#### [Spatial localization data]

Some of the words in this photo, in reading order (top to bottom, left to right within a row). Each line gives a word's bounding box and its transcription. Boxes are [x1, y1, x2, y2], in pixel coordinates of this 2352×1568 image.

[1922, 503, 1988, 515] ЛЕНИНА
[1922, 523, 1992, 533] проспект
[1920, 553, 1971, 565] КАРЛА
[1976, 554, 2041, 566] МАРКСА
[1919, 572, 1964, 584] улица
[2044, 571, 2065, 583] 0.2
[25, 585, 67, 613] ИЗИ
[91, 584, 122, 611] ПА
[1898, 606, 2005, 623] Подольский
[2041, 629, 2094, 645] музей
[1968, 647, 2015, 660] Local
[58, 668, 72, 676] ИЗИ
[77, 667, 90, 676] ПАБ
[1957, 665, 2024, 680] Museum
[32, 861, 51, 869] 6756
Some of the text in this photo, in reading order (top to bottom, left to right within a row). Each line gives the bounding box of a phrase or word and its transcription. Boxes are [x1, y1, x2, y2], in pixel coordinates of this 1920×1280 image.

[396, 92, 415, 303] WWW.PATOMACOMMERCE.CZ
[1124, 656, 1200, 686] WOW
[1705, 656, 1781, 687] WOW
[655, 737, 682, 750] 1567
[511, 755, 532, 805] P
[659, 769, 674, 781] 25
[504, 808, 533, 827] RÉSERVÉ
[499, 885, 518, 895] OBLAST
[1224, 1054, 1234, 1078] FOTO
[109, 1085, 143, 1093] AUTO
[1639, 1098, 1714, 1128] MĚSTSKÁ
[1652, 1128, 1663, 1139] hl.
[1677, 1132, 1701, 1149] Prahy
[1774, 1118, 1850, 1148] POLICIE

#### [Task directions]
Write the records out again. Keep every line exactly as it is.

#### [Exercise solution]
Some of the words in this photo, in reading order (top to bottom, left to right within a row). Each line gives a word's bounding box and its transcription. Boxes are [x1, y1, x2, y2], in pixel coordinates of this 2352×1568 image.

[1922, 503, 1988, 515] ЛЕНИНА
[1922, 523, 1992, 533] проспект
[1920, 553, 1971, 565] КАРЛА
[1976, 554, 2041, 566] МАРКСА
[1919, 572, 1964, 584] улица
[2044, 571, 2065, 583] 0.2
[25, 585, 67, 613] ИЗИ
[91, 584, 122, 611] ПА
[1898, 606, 2005, 623] Подольский
[2041, 629, 2094, 645] музей
[1968, 647, 2015, 660] Local
[58, 668, 72, 676] ИЗИ
[77, 667, 90, 676] ПАБ
[1957, 665, 2024, 680] Museum
[32, 861, 51, 869] 6756
Some of the text in this photo, in reading order (top to bottom, left to right within a row). Each line gives the bounding box of a phrase or word and its transcription. Boxes are [x1, y1, x2, y2], in pixel coordinates of this 1920×1280 image.

[396, 92, 415, 303] WWW.PATOMACOMMERCE.CZ
[1124, 656, 1200, 686] WOW
[1705, 656, 1781, 687] WOW
[655, 737, 682, 750] 1567
[511, 755, 532, 805] P
[659, 769, 674, 781] 25
[504, 808, 533, 827] RÉSERVÉ
[499, 885, 518, 895] OBLAST
[1224, 1054, 1234, 1078] FOTO
[109, 1085, 143, 1093] AUTO
[1639, 1098, 1714, 1128] MĚSTSKÁ
[1652, 1128, 1663, 1139] hl.
[1677, 1132, 1701, 1149] Prahy
[1774, 1118, 1850, 1148] POLICIE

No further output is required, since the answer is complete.